Method and Path

We saw that the env hash that Rack passes to the method call contains the keys REQUEST_METHOD and PATH_INFO.

Let’s modify our app a little so we can make use of it:

class Application
  def call(env)
    handle_request(env['REQUEST_METHOD'], env['PATH_INFO'])
  end

  private

    def handle_request(method, path)
      if method == "GET"
        get(path)
      else
        method_not_allowed(method)
      end
    end

    def get(path)
      [200, { "Content-Type" => "text/html" }, ["You have requested the path #{path}, using GET"]]
    end

    def method_not_allowed(method)
      [405, {}, ["Method not allowed: #{method}"]]
    end
end

Reading the code closely, do you understand what it does, and why?

We have changed the method call to extract the values for the keys REQUEST_METHOD and PATH_INFO. And we then pass these two values to a new method handle_request, which checks the request method.

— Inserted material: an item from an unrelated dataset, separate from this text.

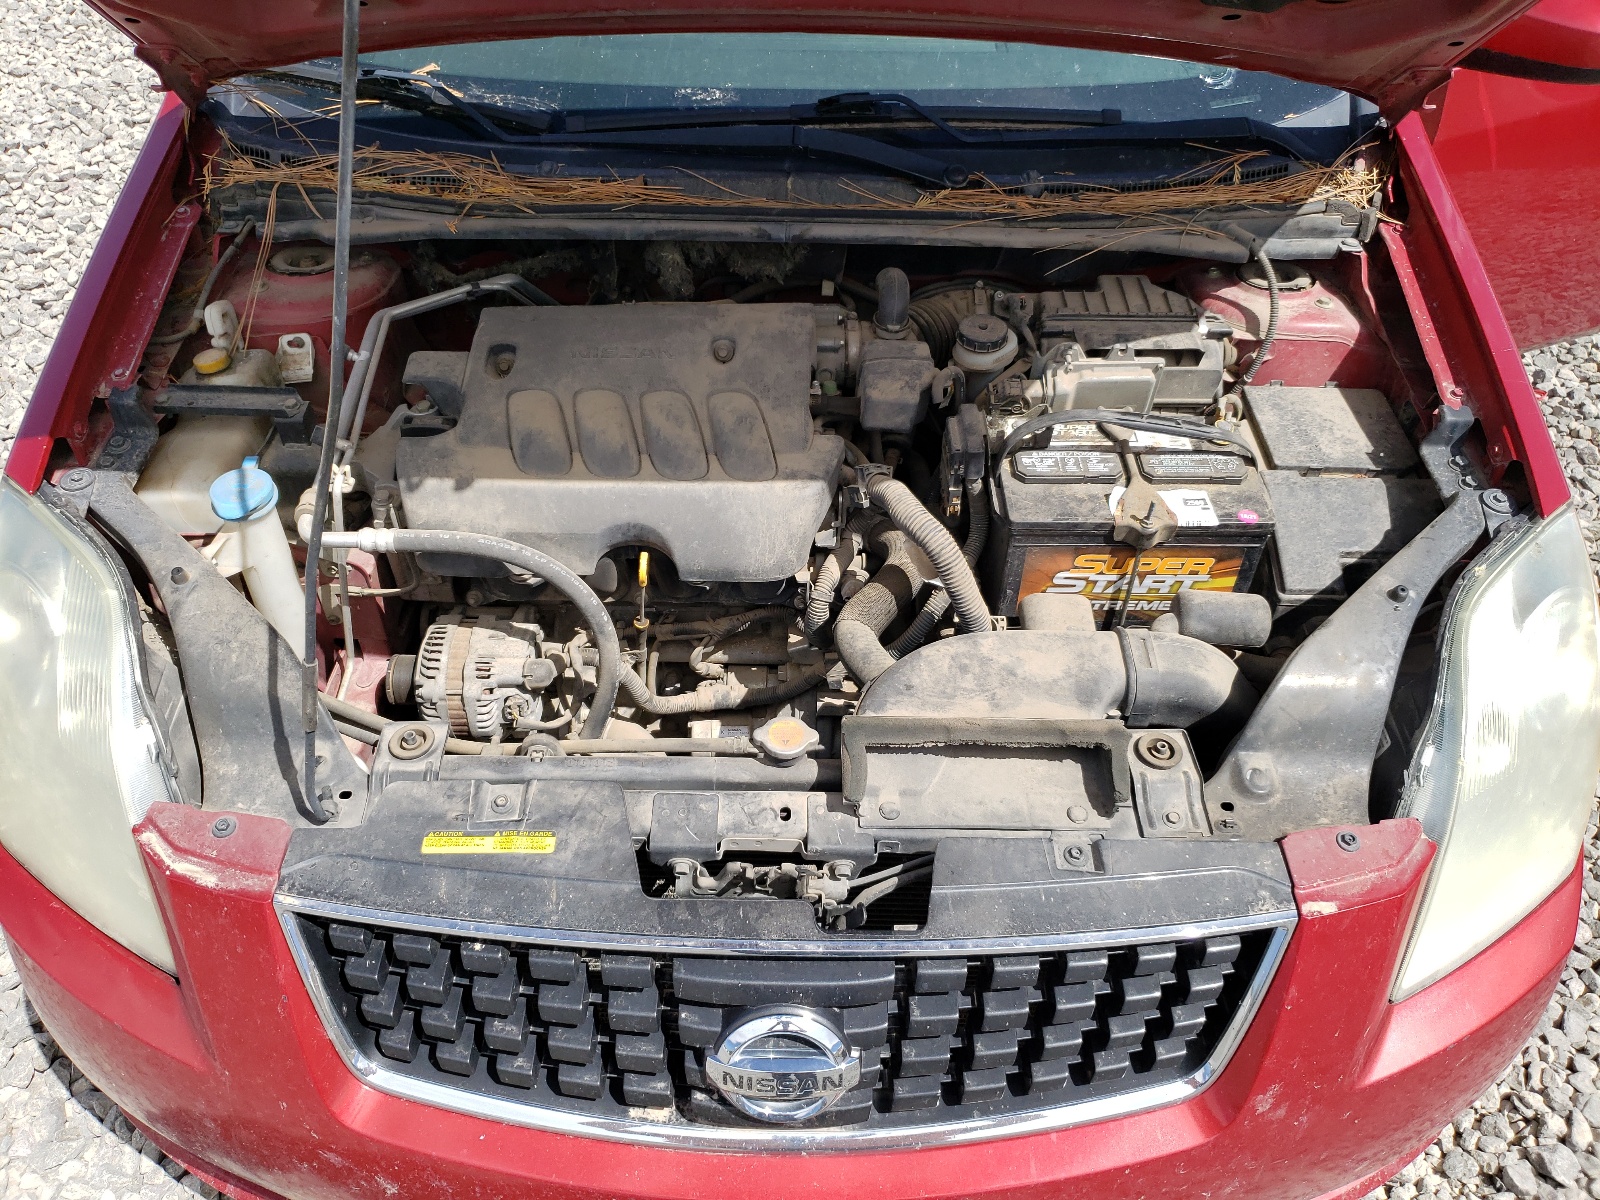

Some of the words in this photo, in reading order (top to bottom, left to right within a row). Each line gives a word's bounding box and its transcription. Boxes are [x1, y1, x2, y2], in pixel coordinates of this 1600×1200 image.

Keep in mind that method here is just a variable name that refers to the HTTP concept of a “request method”. This, of course, is not the same as a Ruby method, it’s just a variable that will hold a string such as GET, POST depending on the HTTP request.

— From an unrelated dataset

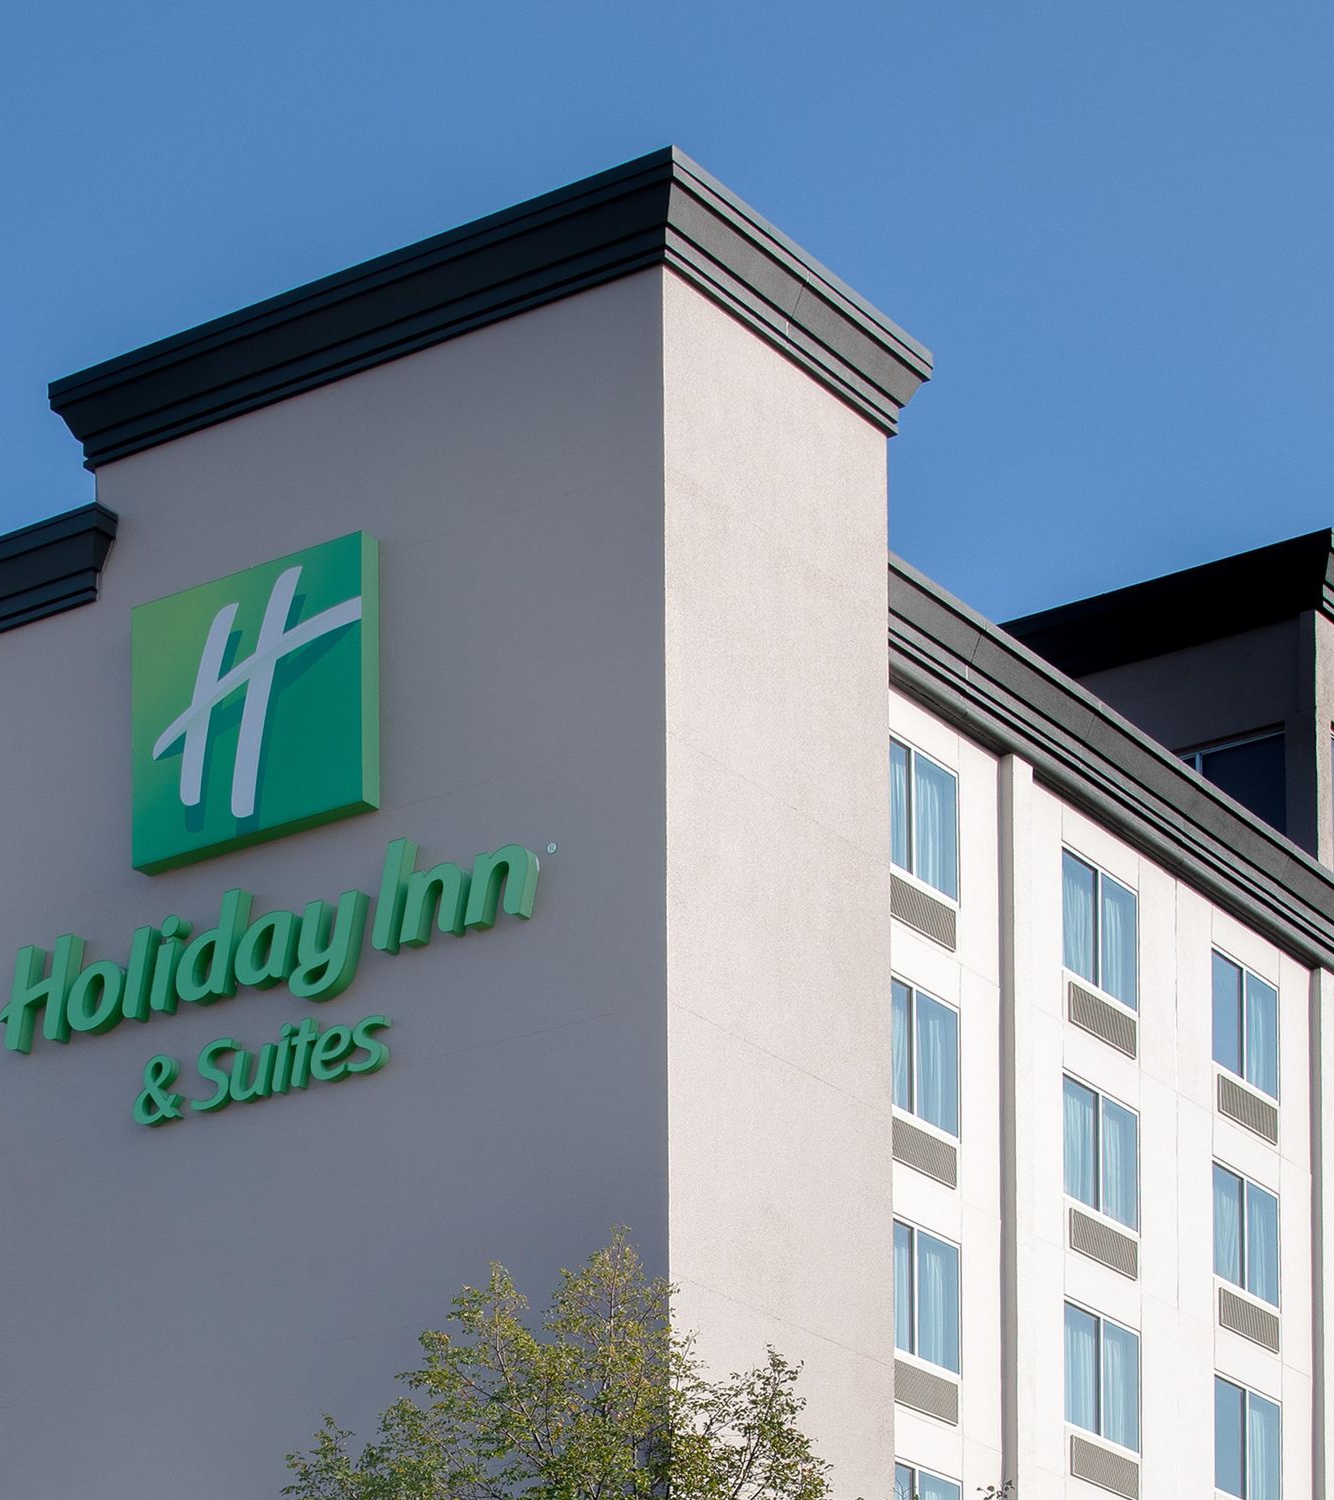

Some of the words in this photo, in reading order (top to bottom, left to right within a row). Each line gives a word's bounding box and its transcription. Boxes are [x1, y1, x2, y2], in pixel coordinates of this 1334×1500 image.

[0, 888, 370, 1054] Holiday
[372, 837, 540, 956] Inn
[133, 1054, 185, 1127] &
[189, 1014, 393, 1115] Suites

Because these response arrays are the return values of these two methods, they’ll also be the return value of the method handle_request, and it turn the method call. So they’ll be passed back to Rack, and turned into the actual HTTP response that is returned to your browser.

If you restart your server, and point your browser to http://localhost:9292/ruby/monstas you should now see something like this:

Congratulations!

You have just written your first web application that responds to different requests with (albeit only slightly) different responses.

Imagine working on this application more, and returning different HTML pages based on the path that is part of the request: You could use the ERB rendering method from the previous chapters about ERB in order to render different ERB templates.

And guess what, this is exactly what Sinatra makes super easy :)

In case you are wondering how to test the response for request methods other than GET, that’s not so easy without knowing more about HTML forms. However, if your computer has curl installed (a commandline tool to execute HTTP requests) you can try this:

curl -i -X POST http://localhost:9292

For me this outputs:

HTTP/1.1 405 Method Not Allowed

As well as a bunch of other response headers.